Introduction/aims: Pediatric patients with dystrophinopathies [Becker and Duchenne muscular dystrophy (BDMD)] are more likely to have neurodevelopmental and neuropsychiatric conditions. This prospective pilot study tested a novel screening questionnaire developed to identify the common behavioral (B), emotional (E), learning (L), and social (S) difficulties in BDMD.

Methods: A total of 45 caregivers of BDMD patients (ages 4-19 years) seen at the Arkansas Children's Hospital Dystrophinopathy Clinic completed the BELS questionnaire during standard clinic visits. To establish external validity, caregivers also completed four well-validated standardized questionnaires assessing overlapping symptoms [Pediatric Symptom Checklist-17 (PSC-17), Colorado Learning Difficulties Questionnaire (CLDQ), the obsessive compulsive disorder (OCD) subscale from the Revised Children's Anxiety and Depression Scale (RCADS), and Barkley Deficits in Executive Functioning Scale (BDEFS)].

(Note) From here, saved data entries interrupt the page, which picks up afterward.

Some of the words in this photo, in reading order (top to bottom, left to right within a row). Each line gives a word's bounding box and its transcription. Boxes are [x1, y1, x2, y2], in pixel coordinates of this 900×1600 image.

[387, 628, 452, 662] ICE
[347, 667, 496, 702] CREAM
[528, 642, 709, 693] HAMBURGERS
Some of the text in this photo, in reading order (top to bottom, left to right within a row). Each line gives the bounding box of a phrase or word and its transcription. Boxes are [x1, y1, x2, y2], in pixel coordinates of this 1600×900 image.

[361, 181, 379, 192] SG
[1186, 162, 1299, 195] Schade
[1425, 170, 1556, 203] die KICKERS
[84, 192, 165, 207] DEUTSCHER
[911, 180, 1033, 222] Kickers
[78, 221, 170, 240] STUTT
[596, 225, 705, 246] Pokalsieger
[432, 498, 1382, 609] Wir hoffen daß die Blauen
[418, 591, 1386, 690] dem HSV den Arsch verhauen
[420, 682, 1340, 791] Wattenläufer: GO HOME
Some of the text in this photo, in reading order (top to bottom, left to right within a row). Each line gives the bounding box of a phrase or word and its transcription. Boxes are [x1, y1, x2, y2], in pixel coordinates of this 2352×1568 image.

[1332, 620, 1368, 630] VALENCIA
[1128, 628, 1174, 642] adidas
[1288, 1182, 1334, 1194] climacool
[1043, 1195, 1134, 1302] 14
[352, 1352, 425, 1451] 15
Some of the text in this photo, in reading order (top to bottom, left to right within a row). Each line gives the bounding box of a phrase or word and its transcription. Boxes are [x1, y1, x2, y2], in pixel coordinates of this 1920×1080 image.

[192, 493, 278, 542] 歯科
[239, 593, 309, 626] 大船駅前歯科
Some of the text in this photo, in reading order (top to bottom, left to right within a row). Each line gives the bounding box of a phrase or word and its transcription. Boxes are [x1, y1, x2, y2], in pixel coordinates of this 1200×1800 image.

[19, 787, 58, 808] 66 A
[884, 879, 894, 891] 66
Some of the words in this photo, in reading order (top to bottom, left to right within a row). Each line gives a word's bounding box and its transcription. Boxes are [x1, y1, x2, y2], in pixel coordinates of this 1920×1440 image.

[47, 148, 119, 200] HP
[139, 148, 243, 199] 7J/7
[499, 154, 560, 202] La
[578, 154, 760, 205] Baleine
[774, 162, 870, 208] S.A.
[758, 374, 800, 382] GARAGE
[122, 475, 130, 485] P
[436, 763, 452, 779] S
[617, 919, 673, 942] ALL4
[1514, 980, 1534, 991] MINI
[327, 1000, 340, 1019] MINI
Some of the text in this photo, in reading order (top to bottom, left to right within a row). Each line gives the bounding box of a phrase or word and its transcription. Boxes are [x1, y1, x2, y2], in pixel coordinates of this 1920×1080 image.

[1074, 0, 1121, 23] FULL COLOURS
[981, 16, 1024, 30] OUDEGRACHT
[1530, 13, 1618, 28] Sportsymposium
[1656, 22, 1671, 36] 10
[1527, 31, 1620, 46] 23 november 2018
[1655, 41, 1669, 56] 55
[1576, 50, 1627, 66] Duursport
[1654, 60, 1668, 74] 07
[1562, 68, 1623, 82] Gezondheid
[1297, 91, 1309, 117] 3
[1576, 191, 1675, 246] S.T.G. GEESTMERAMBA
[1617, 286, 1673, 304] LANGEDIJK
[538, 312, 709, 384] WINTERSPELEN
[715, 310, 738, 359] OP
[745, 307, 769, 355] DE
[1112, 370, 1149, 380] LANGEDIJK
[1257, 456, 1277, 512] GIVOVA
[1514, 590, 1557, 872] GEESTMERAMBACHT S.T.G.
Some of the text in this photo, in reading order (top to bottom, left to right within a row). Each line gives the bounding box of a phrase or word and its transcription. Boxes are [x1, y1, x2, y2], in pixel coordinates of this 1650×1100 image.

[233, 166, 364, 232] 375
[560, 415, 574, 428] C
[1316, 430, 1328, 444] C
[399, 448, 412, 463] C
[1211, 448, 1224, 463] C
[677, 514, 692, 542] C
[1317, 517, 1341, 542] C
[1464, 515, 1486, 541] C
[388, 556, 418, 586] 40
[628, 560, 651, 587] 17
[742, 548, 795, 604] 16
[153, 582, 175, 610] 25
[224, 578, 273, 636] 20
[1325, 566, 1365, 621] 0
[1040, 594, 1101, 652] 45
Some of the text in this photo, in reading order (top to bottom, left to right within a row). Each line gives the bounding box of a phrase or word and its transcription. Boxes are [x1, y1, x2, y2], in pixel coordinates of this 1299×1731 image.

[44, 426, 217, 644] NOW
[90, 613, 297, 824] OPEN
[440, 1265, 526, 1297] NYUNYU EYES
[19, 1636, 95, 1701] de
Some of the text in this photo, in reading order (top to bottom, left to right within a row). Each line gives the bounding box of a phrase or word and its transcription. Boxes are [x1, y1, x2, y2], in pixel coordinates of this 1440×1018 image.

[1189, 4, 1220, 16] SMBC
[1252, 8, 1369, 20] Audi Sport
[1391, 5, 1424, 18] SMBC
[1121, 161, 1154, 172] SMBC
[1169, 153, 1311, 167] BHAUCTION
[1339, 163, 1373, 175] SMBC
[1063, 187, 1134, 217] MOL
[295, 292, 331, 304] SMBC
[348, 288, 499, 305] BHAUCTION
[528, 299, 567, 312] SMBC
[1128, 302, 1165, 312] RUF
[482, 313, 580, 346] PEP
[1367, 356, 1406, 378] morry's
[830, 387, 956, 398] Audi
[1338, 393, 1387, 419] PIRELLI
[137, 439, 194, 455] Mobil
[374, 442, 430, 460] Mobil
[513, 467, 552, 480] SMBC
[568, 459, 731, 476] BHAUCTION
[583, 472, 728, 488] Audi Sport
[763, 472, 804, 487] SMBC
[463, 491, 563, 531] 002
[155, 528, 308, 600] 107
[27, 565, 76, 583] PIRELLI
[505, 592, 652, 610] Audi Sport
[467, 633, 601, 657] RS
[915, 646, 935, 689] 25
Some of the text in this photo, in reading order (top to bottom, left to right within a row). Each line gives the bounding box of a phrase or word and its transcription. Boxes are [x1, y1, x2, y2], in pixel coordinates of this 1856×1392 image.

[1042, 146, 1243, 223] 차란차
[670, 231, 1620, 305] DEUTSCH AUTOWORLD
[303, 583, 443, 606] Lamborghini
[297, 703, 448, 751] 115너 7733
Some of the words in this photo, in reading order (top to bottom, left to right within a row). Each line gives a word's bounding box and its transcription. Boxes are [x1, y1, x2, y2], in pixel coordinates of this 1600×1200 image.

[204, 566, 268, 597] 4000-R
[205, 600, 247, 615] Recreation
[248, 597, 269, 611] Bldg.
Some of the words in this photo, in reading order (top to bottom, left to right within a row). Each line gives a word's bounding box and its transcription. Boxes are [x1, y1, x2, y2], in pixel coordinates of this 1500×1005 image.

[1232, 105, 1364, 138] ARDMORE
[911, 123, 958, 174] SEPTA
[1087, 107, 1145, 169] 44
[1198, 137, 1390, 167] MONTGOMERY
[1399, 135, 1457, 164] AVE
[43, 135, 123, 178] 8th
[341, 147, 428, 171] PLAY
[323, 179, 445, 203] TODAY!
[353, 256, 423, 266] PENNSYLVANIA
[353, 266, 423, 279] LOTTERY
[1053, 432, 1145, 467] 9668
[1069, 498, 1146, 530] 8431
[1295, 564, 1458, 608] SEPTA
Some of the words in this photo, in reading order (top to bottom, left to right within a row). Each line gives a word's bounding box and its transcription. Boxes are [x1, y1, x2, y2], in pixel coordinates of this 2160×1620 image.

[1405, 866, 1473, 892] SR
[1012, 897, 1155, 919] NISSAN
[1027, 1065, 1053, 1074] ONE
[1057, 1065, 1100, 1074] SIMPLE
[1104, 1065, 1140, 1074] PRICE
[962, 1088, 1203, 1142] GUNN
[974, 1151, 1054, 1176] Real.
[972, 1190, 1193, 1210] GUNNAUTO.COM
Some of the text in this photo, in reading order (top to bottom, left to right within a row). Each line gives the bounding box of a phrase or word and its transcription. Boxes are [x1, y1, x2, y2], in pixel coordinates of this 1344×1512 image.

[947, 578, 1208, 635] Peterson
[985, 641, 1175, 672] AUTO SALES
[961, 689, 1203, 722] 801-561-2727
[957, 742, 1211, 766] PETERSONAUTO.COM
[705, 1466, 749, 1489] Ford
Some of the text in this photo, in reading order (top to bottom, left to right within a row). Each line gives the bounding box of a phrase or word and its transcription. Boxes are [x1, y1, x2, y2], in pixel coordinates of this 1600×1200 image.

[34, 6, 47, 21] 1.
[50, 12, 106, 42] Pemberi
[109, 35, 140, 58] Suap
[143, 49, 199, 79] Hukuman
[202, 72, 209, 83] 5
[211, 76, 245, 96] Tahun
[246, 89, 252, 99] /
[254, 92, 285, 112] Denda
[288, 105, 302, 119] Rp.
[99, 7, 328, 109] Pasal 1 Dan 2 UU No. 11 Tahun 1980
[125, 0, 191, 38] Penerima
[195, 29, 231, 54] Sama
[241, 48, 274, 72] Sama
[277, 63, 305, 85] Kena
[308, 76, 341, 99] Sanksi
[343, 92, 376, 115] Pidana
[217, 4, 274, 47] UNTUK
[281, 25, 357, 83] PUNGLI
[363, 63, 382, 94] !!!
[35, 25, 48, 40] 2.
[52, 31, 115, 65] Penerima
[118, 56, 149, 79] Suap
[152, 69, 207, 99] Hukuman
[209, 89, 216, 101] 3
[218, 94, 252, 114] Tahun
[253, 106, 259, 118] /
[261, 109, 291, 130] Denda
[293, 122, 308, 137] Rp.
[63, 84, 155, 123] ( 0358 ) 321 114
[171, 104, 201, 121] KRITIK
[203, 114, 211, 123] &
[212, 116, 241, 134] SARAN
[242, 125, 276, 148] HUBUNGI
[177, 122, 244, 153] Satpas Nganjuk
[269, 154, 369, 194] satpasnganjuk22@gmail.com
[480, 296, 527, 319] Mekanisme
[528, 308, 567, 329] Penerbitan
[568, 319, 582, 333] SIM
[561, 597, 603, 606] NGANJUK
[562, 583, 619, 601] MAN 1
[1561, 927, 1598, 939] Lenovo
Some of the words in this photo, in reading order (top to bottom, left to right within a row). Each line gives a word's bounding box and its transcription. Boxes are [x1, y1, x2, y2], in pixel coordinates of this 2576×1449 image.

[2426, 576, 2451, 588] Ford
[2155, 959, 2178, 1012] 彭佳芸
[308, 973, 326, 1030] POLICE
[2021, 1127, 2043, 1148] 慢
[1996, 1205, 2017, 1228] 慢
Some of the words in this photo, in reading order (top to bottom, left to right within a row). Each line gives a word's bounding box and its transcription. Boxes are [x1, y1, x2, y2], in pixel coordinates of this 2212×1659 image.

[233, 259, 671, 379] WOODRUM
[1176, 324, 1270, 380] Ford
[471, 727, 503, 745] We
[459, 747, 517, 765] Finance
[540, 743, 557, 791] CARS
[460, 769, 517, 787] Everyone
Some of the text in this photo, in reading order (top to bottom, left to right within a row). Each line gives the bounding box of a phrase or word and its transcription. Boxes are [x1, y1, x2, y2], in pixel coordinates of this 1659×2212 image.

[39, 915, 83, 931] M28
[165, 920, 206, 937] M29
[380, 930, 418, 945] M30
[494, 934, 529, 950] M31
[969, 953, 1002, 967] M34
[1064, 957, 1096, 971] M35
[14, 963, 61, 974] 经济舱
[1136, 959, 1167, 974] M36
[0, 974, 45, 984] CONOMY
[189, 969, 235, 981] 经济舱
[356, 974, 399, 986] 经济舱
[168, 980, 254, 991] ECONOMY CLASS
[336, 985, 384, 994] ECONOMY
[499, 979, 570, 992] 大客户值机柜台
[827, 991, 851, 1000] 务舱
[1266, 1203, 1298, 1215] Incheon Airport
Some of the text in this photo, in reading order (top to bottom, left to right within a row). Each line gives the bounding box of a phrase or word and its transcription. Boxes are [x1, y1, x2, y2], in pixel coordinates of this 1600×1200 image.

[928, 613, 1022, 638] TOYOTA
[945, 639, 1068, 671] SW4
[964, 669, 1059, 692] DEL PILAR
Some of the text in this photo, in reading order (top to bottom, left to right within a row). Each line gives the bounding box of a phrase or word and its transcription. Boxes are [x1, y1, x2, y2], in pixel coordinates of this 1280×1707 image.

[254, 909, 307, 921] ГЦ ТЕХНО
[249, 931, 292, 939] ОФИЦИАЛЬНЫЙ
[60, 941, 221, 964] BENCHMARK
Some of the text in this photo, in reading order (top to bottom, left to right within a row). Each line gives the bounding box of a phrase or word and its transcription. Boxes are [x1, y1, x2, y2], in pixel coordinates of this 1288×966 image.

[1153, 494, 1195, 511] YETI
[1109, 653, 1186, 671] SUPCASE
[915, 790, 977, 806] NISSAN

Results: Caregivers reported high rates of behavioral (>60%), emotional (50%-70%), learning (50%-70%), and social (30%-50%) concerns, even though relatively few patients had clinical diagnoses related to these symptoms. Passive suicidality (i.e., thoughts of death) were also common (22.2%; 10/45 patients). The BELS questionnaire was moderately to highly correlated with total scores on the four well-validated questionnaires (p < .001), and BELS subscales showed specificity. A BELS score of 21 corresponded with the established PSC-17 cutoff.

Discussion: The BELS questionnaire shows promise as a screening questionnaire to identify neurobehavioral and neuropsychiatric symptoms common in dystrophinopathy. While BELS cannot currently be used as a standalone measure to make clinical diagnoses, identification of symptoms that warrant further follow-up may improve clinical care and quality of life.